In Mukhanov and Winitzki's book the retarded Green's function is defined as a matrix element between 'in' states, $$\langle 0_{\text{in}} | \hat{q}(t) | 0_{\text{in}}\rangle = \int J(t') G_{\text{ret}}(t, t') \, dt', \quad G_{\text{ret}}(t, t') = \frac{\sin \omega(t - t')}{\omega} \theta(t - t').$$ This makes perfect sense thinking semiclassically, as $\langle \hat{q}(t) \rangle$ is just the average position of the particle, given that it was at rest in the far past; that's basically the definition of what a retarded propagator is. Similarly, one can define the advanced propagator using $|0_{\text{out}}\rangle$.

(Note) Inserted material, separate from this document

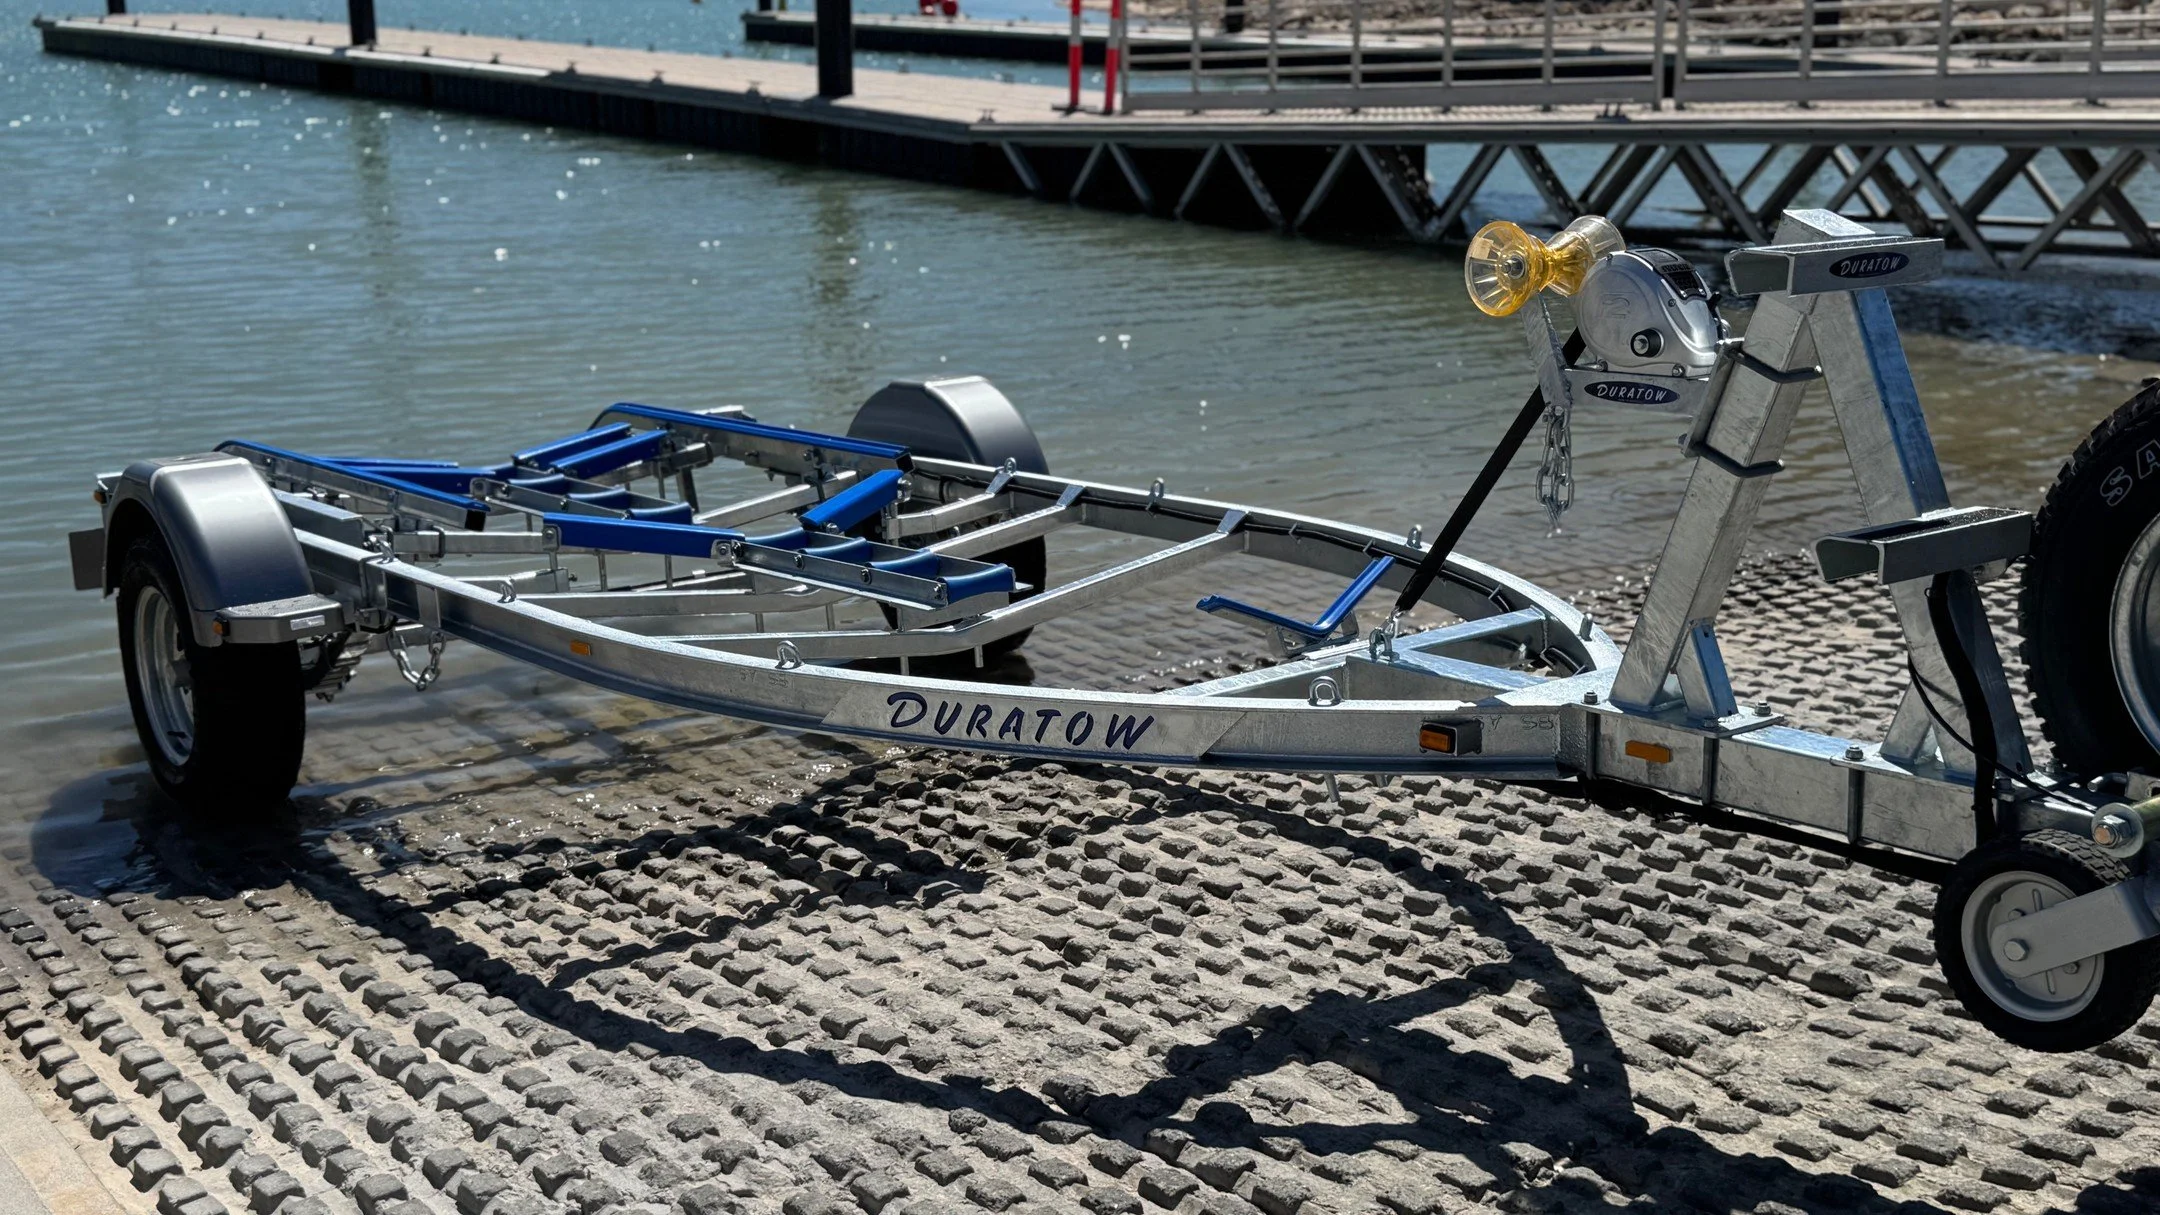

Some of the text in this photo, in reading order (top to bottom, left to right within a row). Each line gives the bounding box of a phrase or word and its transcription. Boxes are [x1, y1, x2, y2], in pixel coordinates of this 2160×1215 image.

Finally, Mukhanov and Winitzki define the Feynman propagator by $$\langle 0_{\text{out}} | \hat{q}(t) | 0_{\text{in}}\rangle \propto \int J(t') G_{F}(t, t') \, dt'.$$ Now, I've been searching for an intuitive understanding of the Feynman propagator for years. Typical explanations in quantum field theory speak of "negative energy solutions" and antiparticles (e.g. here) which I've always been confused about, since they don't exist in ordinary quantum mechanics (as I asked here). But above we have a Feynman propagator for an exceptionally simple non-QFT system! So if there's an intuitive explanation at all it'll be right here, but I can't quite see what the matrix element means physically.

I have two questions: first, how is this equivalent to the usual definition of the Feynman propagator, involving a particular contour choice? Second, are there intuitive words one can drape around this definition? Does it provide any additional physical insight?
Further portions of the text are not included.